Records from a data collection:
⁂
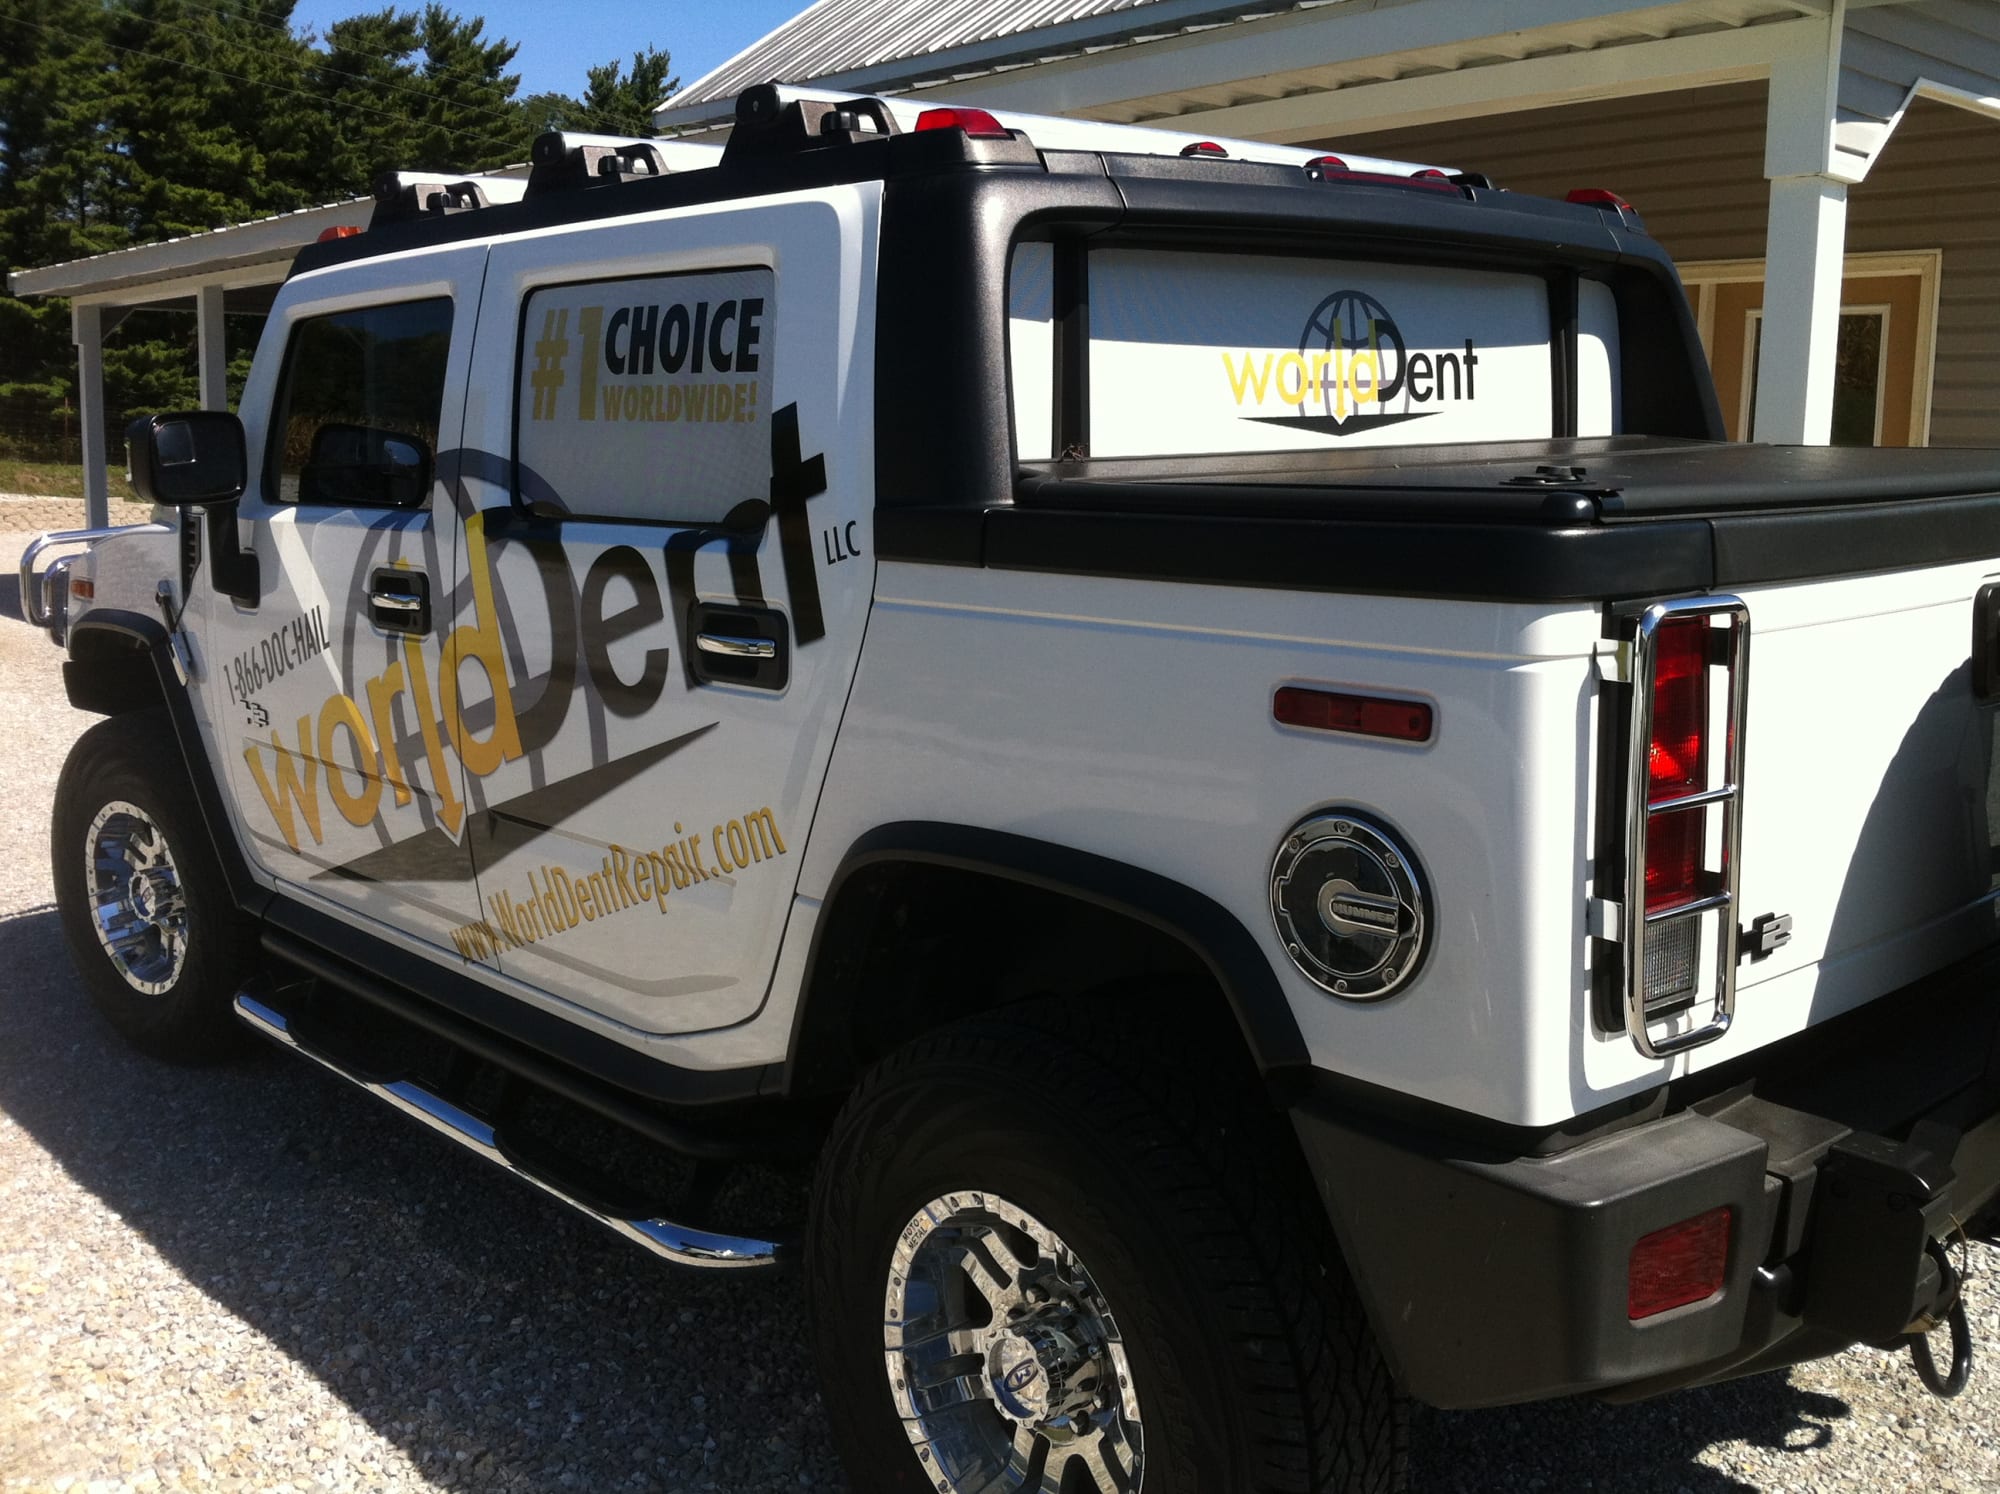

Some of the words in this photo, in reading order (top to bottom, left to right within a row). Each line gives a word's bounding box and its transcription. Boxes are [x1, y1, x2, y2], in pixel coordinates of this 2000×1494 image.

[531, 306, 604, 421] #1
[604, 298, 765, 376] CHOICE
[602, 381, 758, 423] WORLDWIDE!
[823, 520, 861, 566] LLC
[223, 604, 330, 705] 1-866-DOC-HAIL
[449, 806, 788, 962] www.WorldDentRepair.com
[1331, 902, 1397, 925] HUMMER
[902, 1218, 920, 1243] MOTO
[907, 1227, 928, 1249] METAL
⁂
The full text of the data above, exact and without pictures, is what to return.

Some of the words in this photo, in reading order (top to bottom, left to right within a row). Each line gives a word's bounding box and its transcription. Boxes are [x1, y1, x2, y2], in pixel coordinates of this 2000×1494 image.

[531, 306, 604, 421] #1
[604, 298, 765, 376] CHOICE
[602, 381, 758, 423] WORLDWIDE!
[823, 520, 861, 566] LLC
[223, 604, 330, 705] 1-866-DOC-HAIL
[449, 806, 788, 962] www.WorldDentRepair.com
[1331, 902, 1397, 925] HUMMER
[902, 1218, 920, 1243] MOTO
[907, 1227, 928, 1249] METAL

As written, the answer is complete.